Announcer: Welcome to the Ogletree Deakins podcast, where we provide listeners with brief discussions about important workplace legal issues. Our podcasts are for informational purposes only and should not be construed as legal advice. You can subscribe through your favorite podcast service. Please consider rating this podcast so we can get your feedback and improve our programs. Please enjoy the podcast.

Heather Ptasznik: Hello everyone, and welcome to today’s episode. I am Heather Ptasznik, a shareholder with Ogletree Deakins in the Detroit metro area, Michigan. I focus my practice on employment law, and I spend much of my day working with employers through their human resources teams and in-house counsel on the practical day-to-day issues that arise under the Family and Medical Leave Act. One of the biggest challenges I have seen employers face is handling intermittent FMLA leave and more specifically, how to recognize and address potential abuse. Now, don’t get me wrong, the FMLA is an incredibly important protection for employees who need time off for serious health conditions or to care for loved ones, but the reality is some employees take advantage of it, and when that happens, it’s not only disruptive to business operations, but it can hurt morale among co-workers who are playing by the rules.

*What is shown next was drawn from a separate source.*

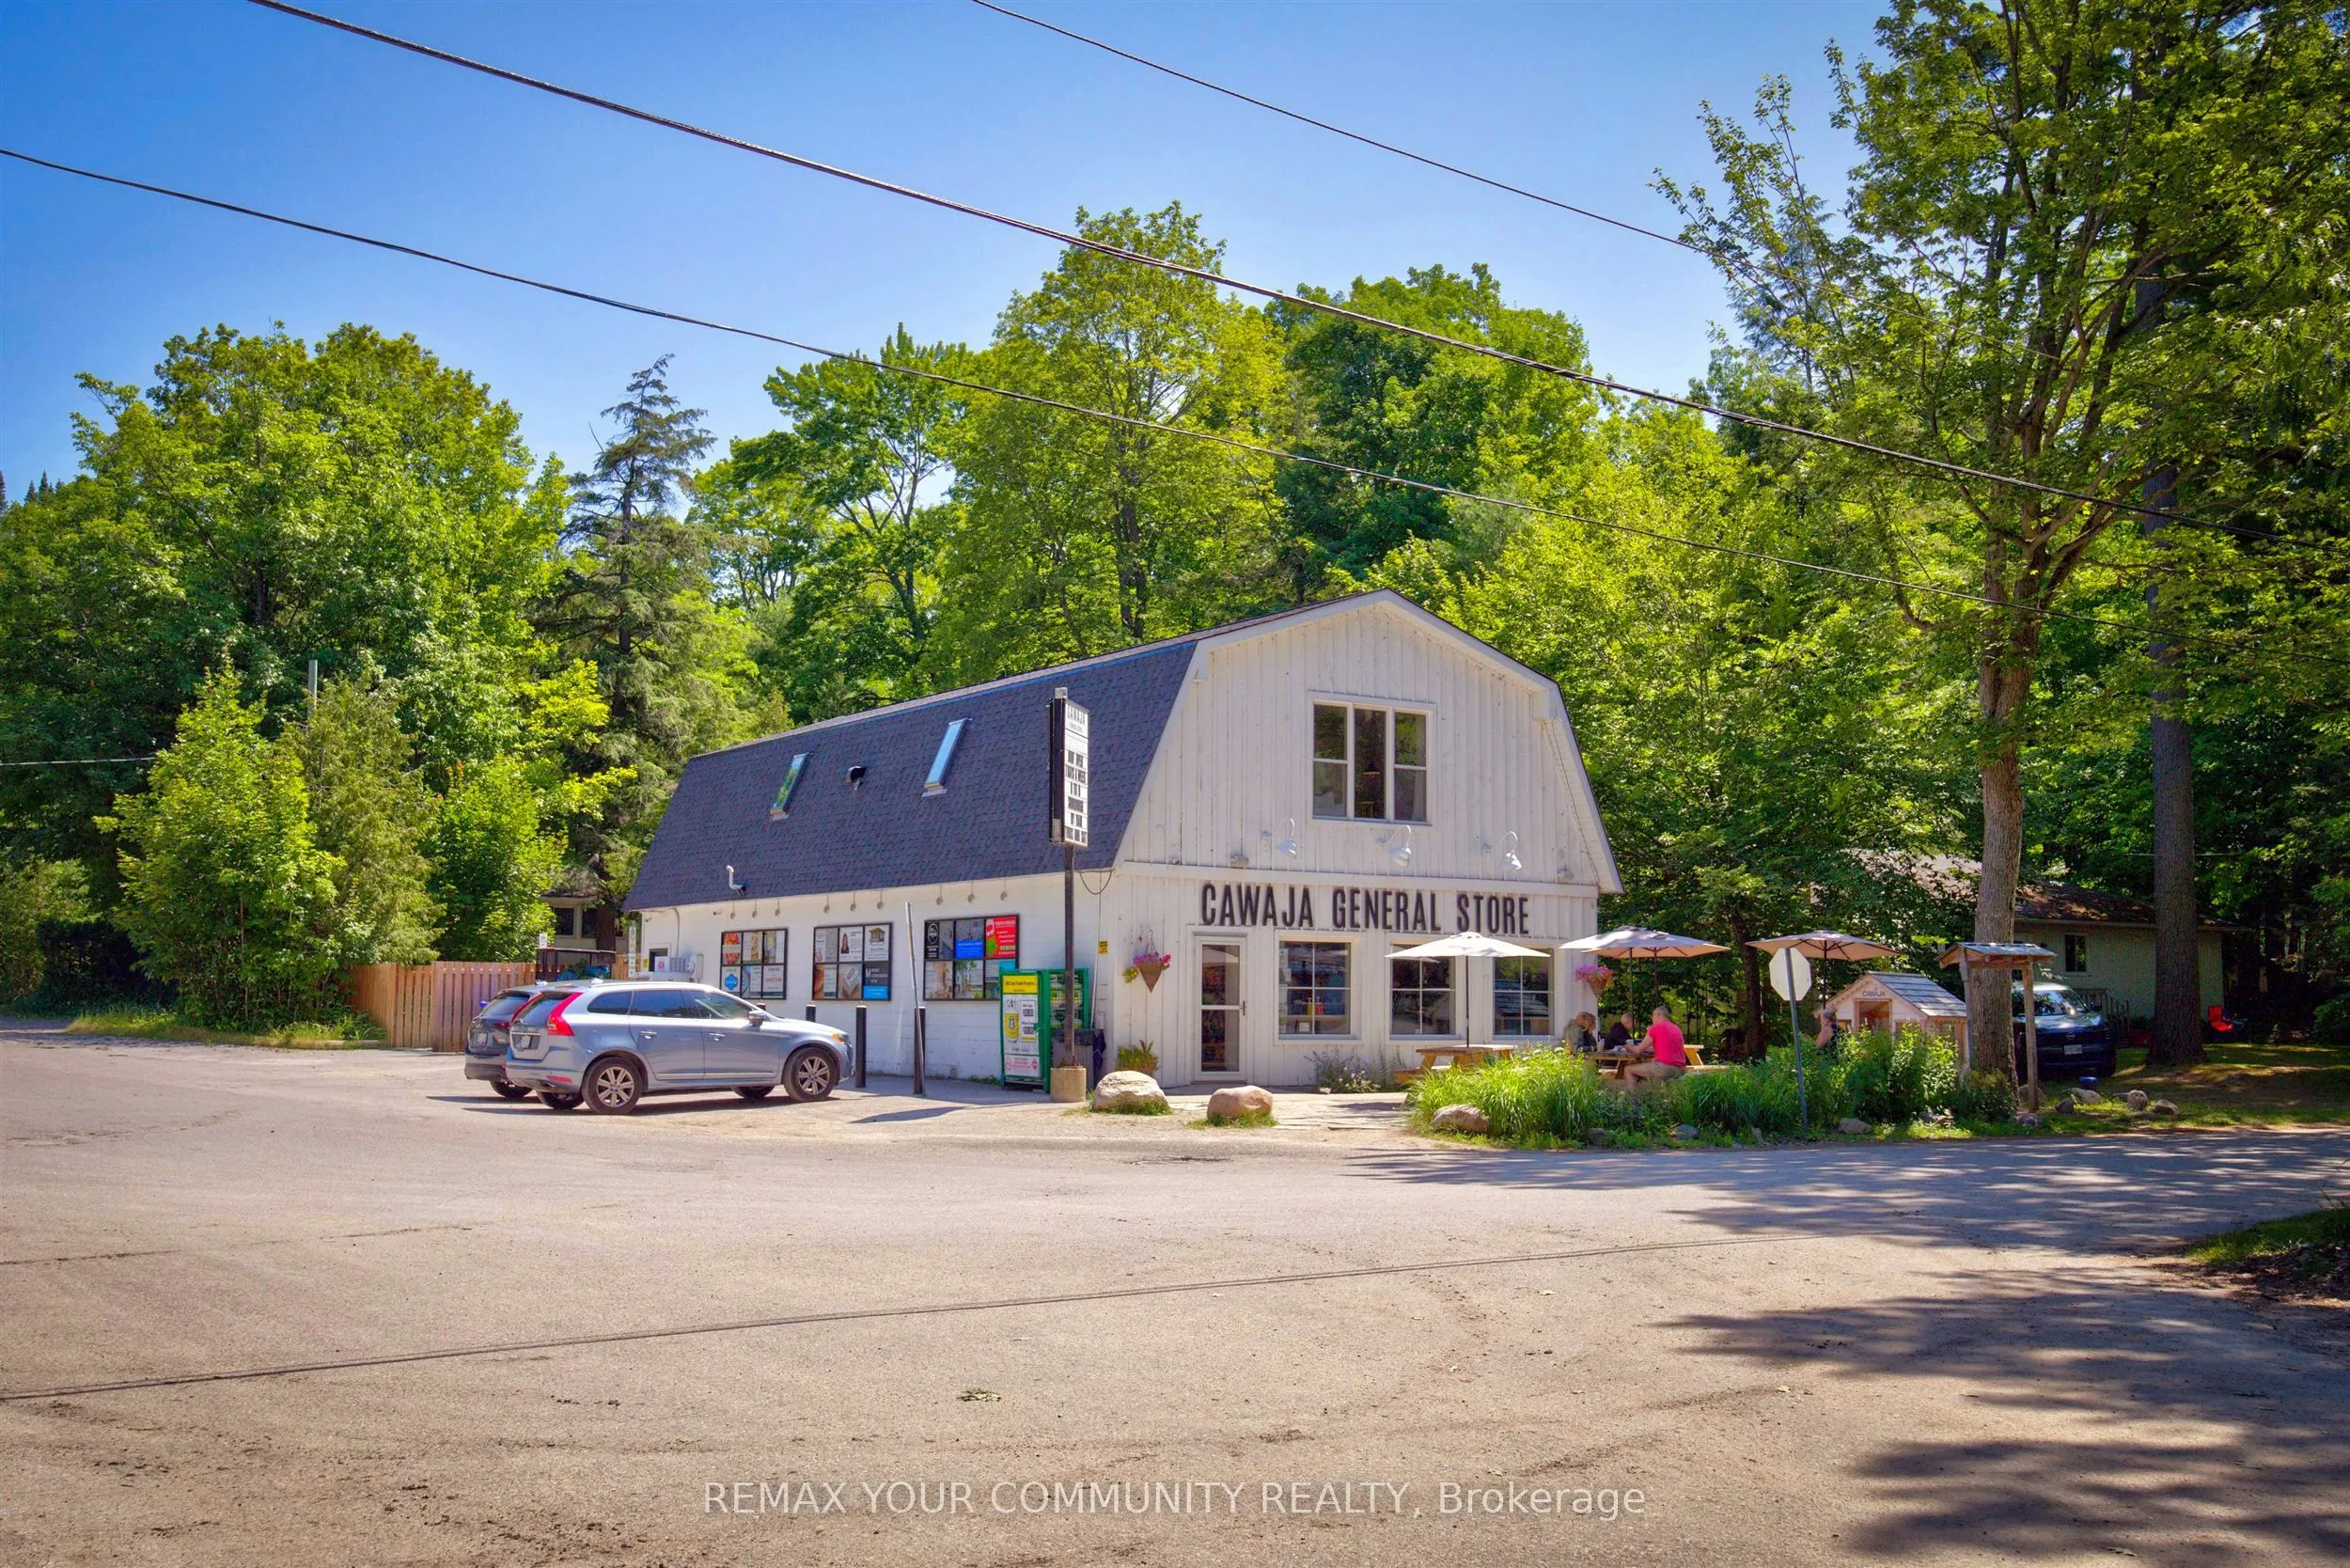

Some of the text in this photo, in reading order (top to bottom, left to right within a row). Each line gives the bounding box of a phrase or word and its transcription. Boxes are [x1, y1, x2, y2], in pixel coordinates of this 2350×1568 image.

[1201, 884, 1529, 934] CAWAJA GENERAL STORE

Today, we are going to talk about some of the key rules, talk about the red flags for abuse, and explore some tools that employers can use. By the end of this episode, I hope that you will walk away with some strategies to keep your policy strong, consistent, and legally defensible. So, let’s just start with the FMLA basics. The FMLA provides eligible employees up to 12 weeks of unpaid leave in a 12-month period. That leave can be used continuously, for example, when someone is out for surgery and recovery, or the 12 weeks can also be used intermittently, which means smaller blocks of time taken for the same medical reason. Eligibility also requires two things, that the employee be employed at least 12 months with the company, and at least 1,250 hours were worked in the prior 12-month period. What’s really important here is the definition of intermittent or reduced schedule leave.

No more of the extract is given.